TASK OBJECTIVE — Please copy every record below exactly and leave out the pictures.

INFORMATION SHOWN —
★ ★ ★ ★ ★
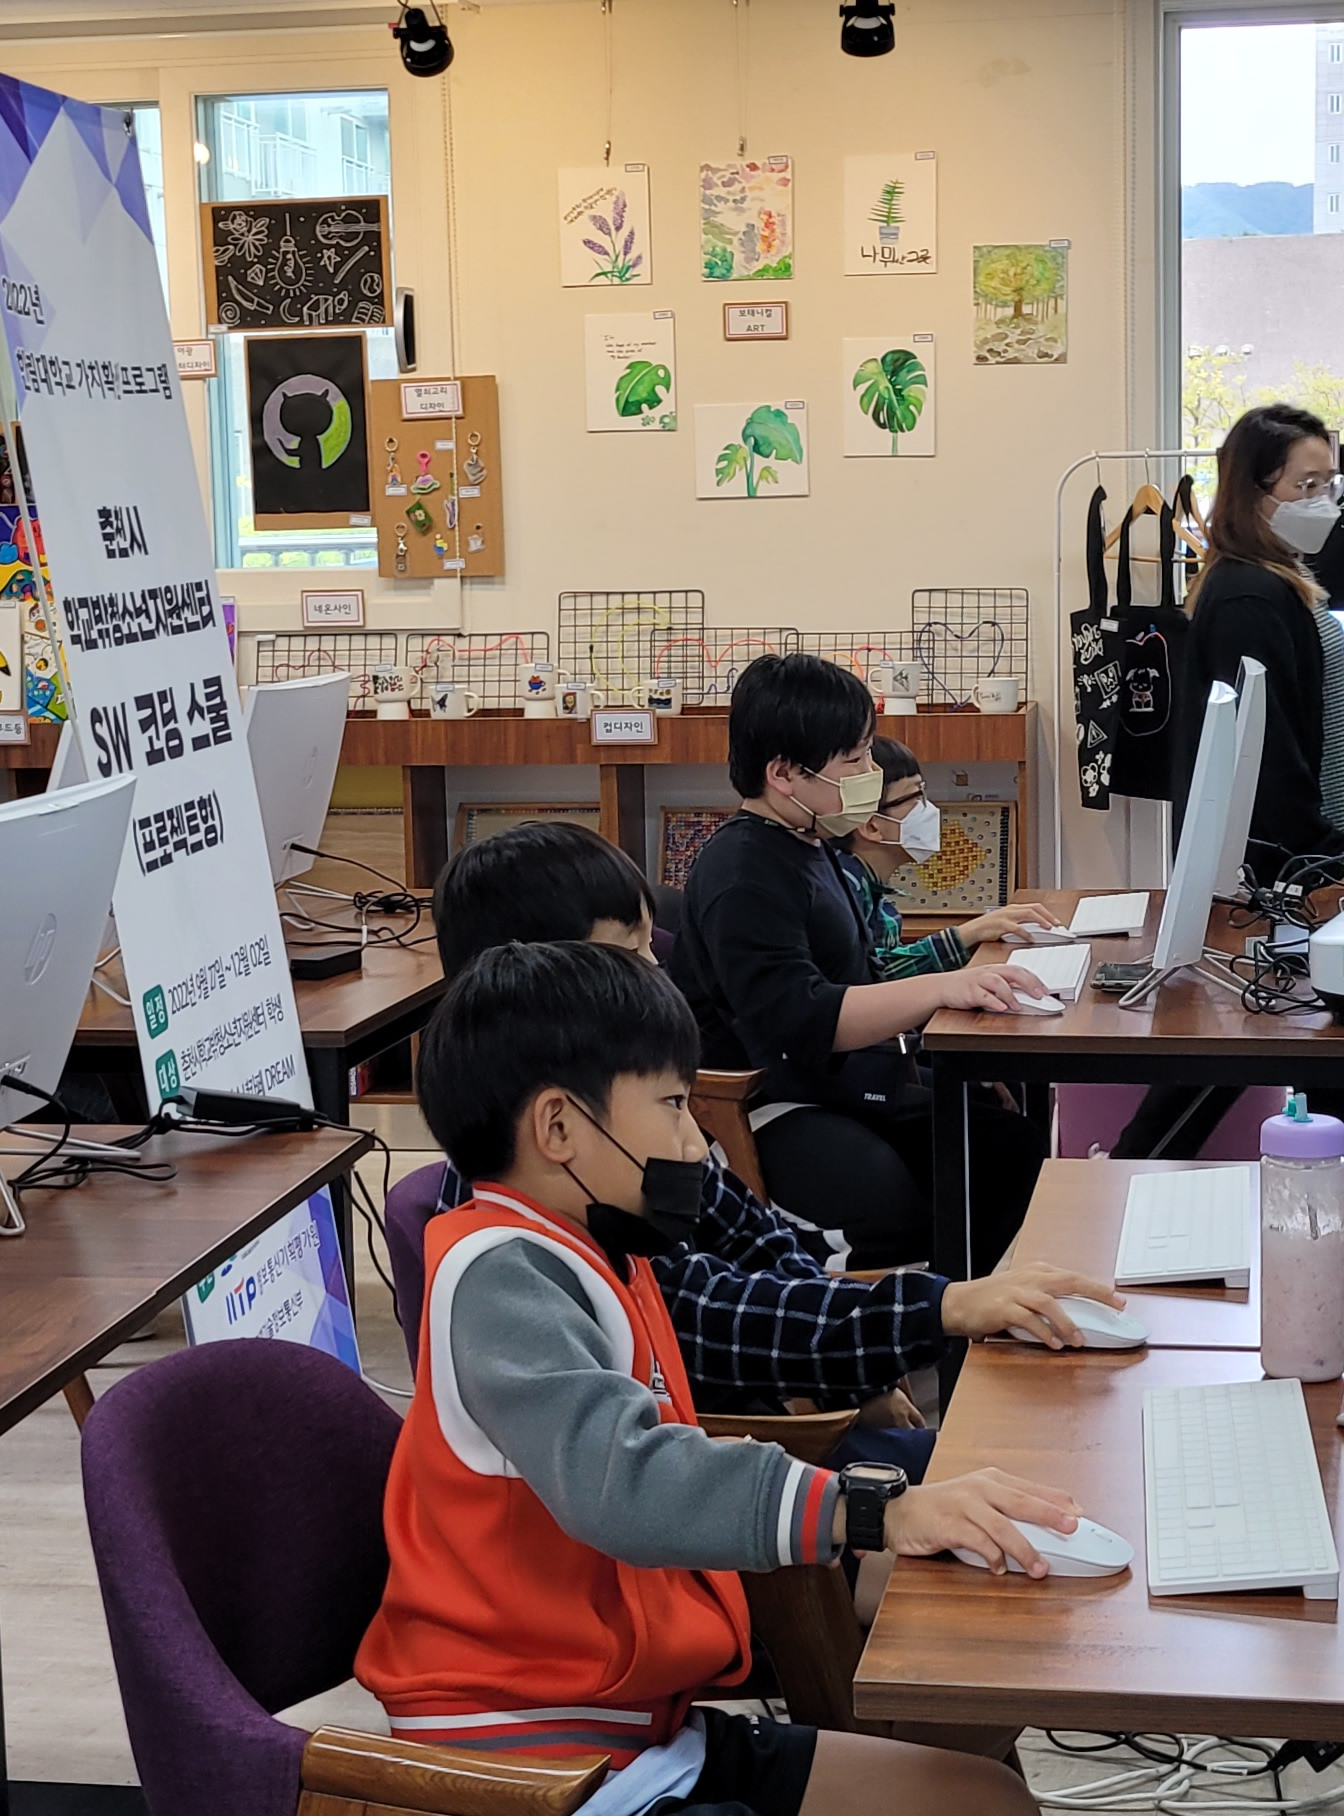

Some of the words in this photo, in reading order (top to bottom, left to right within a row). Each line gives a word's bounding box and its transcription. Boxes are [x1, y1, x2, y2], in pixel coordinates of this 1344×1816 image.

[2, 278, 45, 325] 2022년
[746, 324, 766, 332] ART
[16, 350, 76, 396] 한림대학교
[414, 386, 448, 398] 열쇠고리
[97, 506, 149, 559] 춘천시
[63, 579, 216, 652] 학교밖청소년지원센터
[314, 604, 352, 615] 네온사인
[90, 701, 133, 778] SW
[134, 687, 184, 766] 코딩
[187, 675, 233, 752] 스쿨
[603, 720, 644, 733] 컵디자인
[133, 789, 224, 877] (프로젝트형)
[145, 993, 165, 1030] 일정
[167, 973, 198, 1015] 2022년
[250, 934, 272, 968] 02일
[158, 1057, 178, 1093] 대상
[266, 992, 284, 1025] 학생
[265, 1053, 296, 1091] DREAM
★ ★ ★ ★ ★
YOUR SOLUTION —
Some of the words in this photo, in reading order (top to bottom, left to right within a row). Each line gives a word's bounding box and its transcription. Boxes are [x1, y1, x2, y2], in pixel coordinates of this 1344×1816 image.

[2, 278, 45, 325] 2022년
[746, 324, 766, 332] ART
[16, 350, 76, 396] 한림대학교
[414, 386, 448, 398] 열쇠고리
[97, 506, 149, 559] 춘천시
[63, 579, 216, 652] 학교밖청소년지원센터
[314, 604, 352, 615] 네온사인
[90, 701, 133, 778] SW
[134, 687, 184, 766] 코딩
[187, 675, 233, 752] 스쿨
[603, 720, 644, 733] 컵디자인
[133, 789, 224, 877] (프로젝트형)
[145, 993, 165, 1030] 일정
[167, 973, 198, 1015] 2022년
[250, 934, 272, 968] 02일
[158, 1057, 178, 1093] 대상
[266, 992, 284, 1025] 학생
[265, 1053, 296, 1091] DREAM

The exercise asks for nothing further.